In Mazars, however, the Supreme Court may have dramatically weakened that leverage and tilted the scale in favor of parties resisting congressional demands for privileged material.  In effect, Mazars represents the Court’s effort to balance Congress’s investigatory prerogatives with countervailing separation-of-powers and related private interests.  In this vein, in discussing the limitations on Congress’s inherent investigative authority, Chief Justice Roberts’s opinion for the Court notes that recipients of congressional subpoenas “have long been understood to retain common law and constitutional privileges with respect to certain materials, such as attorney-client communications.”

In support, the Court points to an account of a famous privilege dispute arising out of the Senate Whitewater investigation.  There, congressional investigators issued a subpoena for notes from a meeting between the Clintons, White House lawyers, and the Clintons’ private counsel.  After a months-long standoff, the Clintons and Congress ultimately reached an agreement under which the Clintons would produce the requested documents in exchange for a concession from the Senate Whitewater Committee that such disclosure would not constitute waiver of attorney-client privilege.  Although the parties thus avoided a direct dispute on privilege, the Mazars Court cited this episode as evidence of a common understanding that parties responding to a congressional investigation have a right to withhold privileged material.

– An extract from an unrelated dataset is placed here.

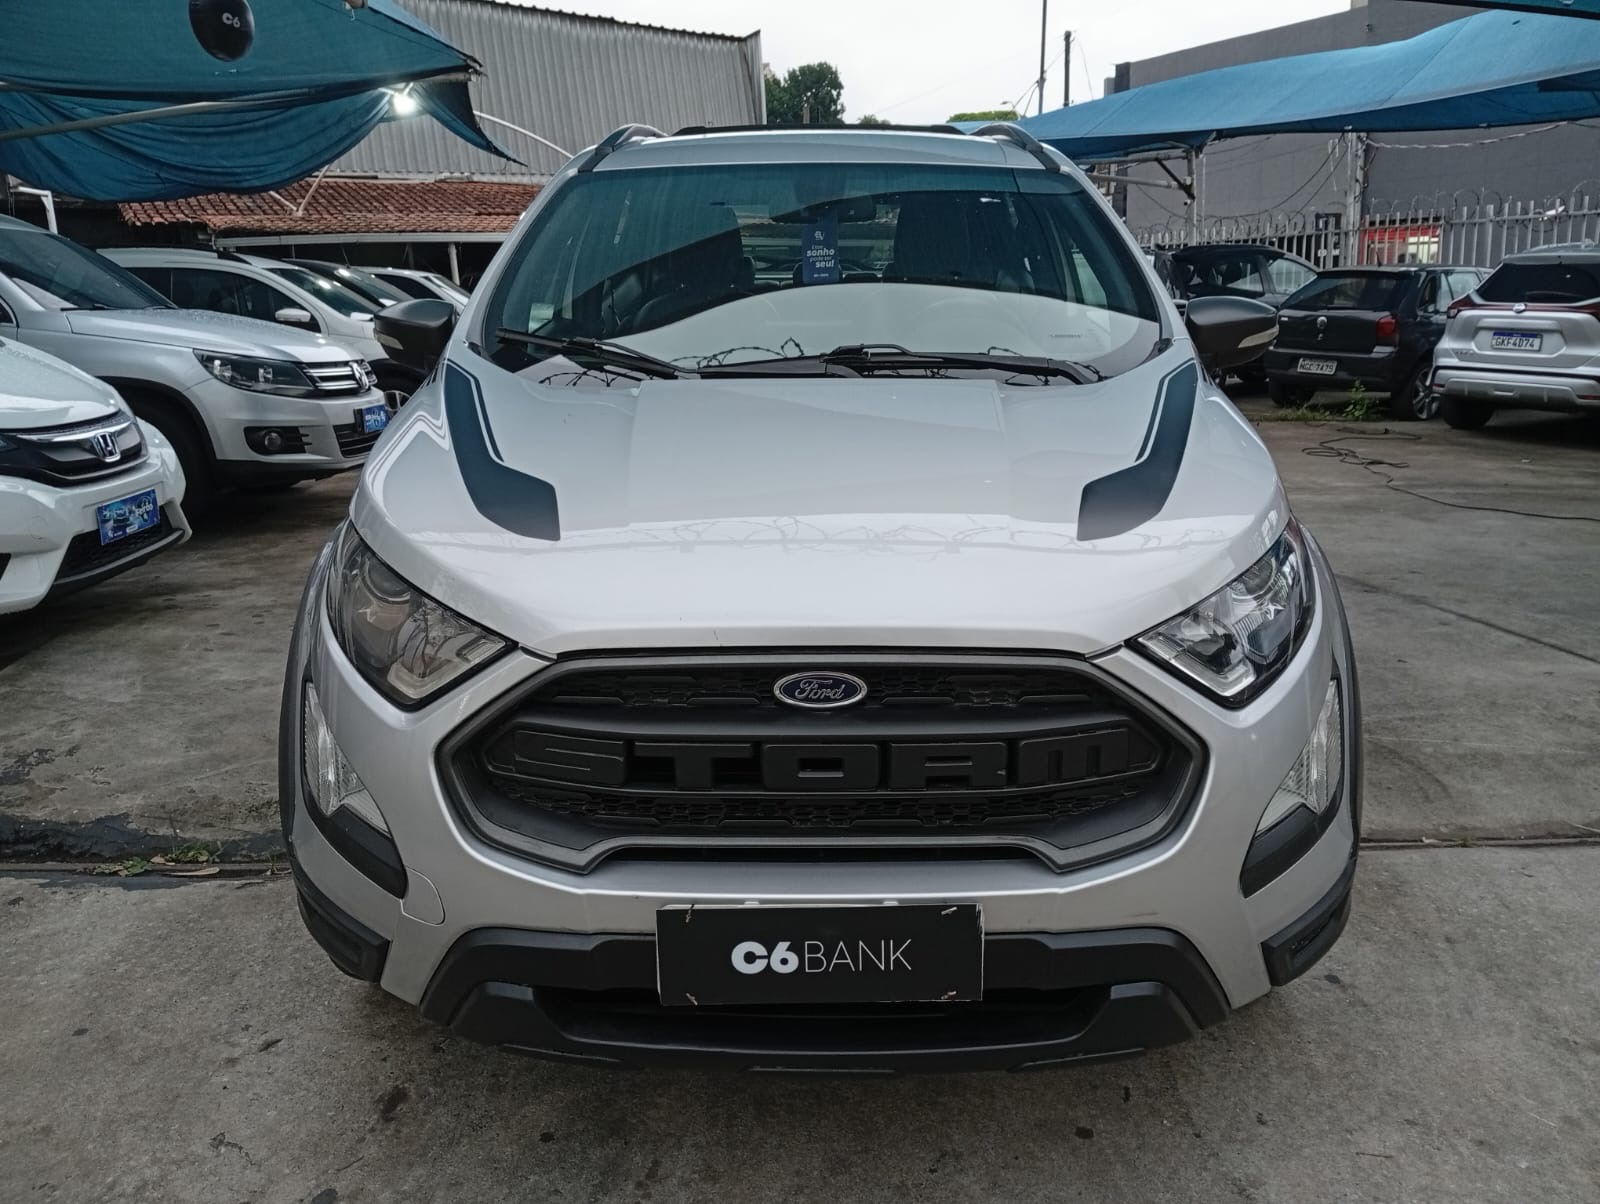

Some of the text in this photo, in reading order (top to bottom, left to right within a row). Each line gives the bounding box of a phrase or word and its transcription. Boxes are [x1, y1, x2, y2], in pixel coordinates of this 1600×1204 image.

Of course, the question of the applicability of the attorney-client privilege to congressional investigations was not squarely before the Court in Mazars, and the Court’s brief aside on this subject may be easily cast as dicta.  Nonetheless, the Court’s approving recognition of the view that the privilege does apply to Congress will surely prove helpful to parties fighting efforts by congressional investigators to compel disclosure of privileged material.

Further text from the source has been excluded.